Material provided:

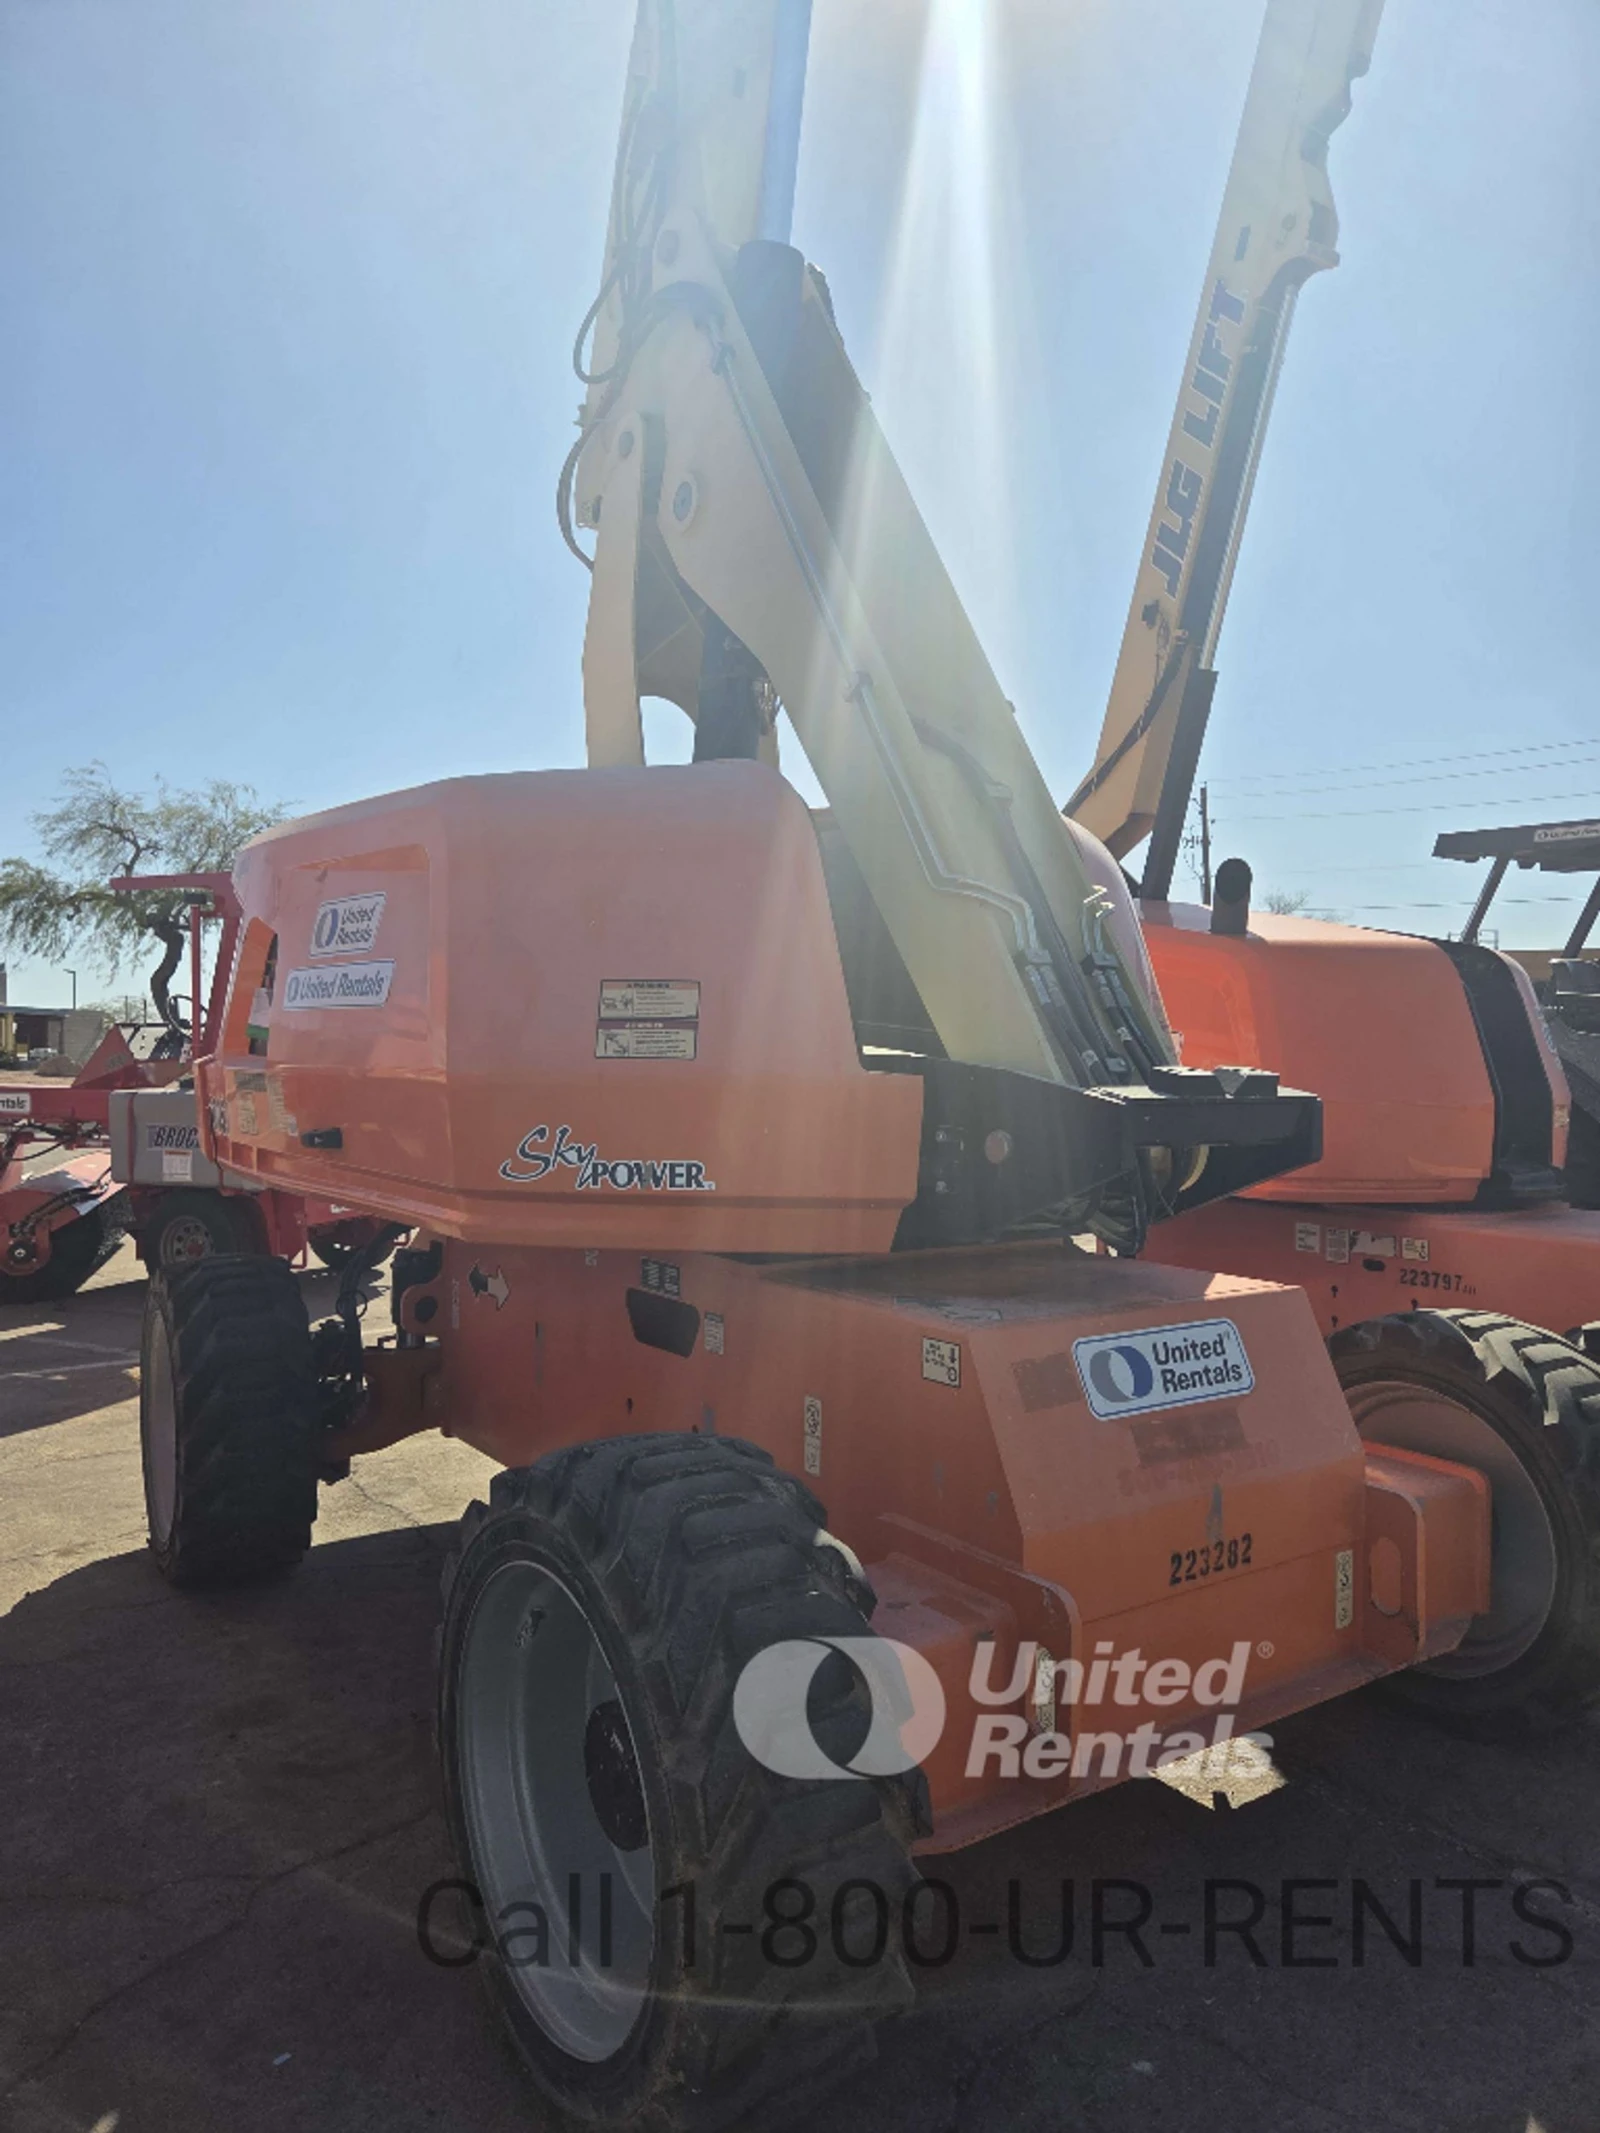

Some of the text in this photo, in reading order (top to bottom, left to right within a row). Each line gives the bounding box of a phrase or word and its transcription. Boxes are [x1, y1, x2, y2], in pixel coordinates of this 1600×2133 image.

[1151, 278, 1245, 600] JLG LIFT
[300, 970, 386, 999] United Rentals
[154, 1125, 200, 1148] BROC
[499, 1124, 598, 1189] Sky
[588, 1160, 706, 1190] POWER
[1400, 1268, 1462, 1292] 223797
[1152, 1333, 1226, 1366] United
[1160, 1359, 1243, 1394] Rentals
[1169, 1533, 1252, 1586] 223282

What the task asks:
Word for word, repeat the data above with the pictures left out.

Response below:
Some of the text in this photo, in reading order (top to bottom, left to right within a row). Each line gives the bounding box of a phrase or word and its transcription. Boxes are [x1, y1, x2, y2], in pixel coordinates of this 1600×2133 image.

[1151, 278, 1245, 600] JLG LIFT
[300, 970, 386, 999] United Rentals
[154, 1125, 200, 1148] BROC
[499, 1124, 598, 1189] Sky
[588, 1160, 706, 1190] POWER
[1400, 1268, 1462, 1292] 223797
[1152, 1333, 1226, 1366] United
[1160, 1359, 1243, 1394] Rentals
[1169, 1533, 1252, 1586] 223282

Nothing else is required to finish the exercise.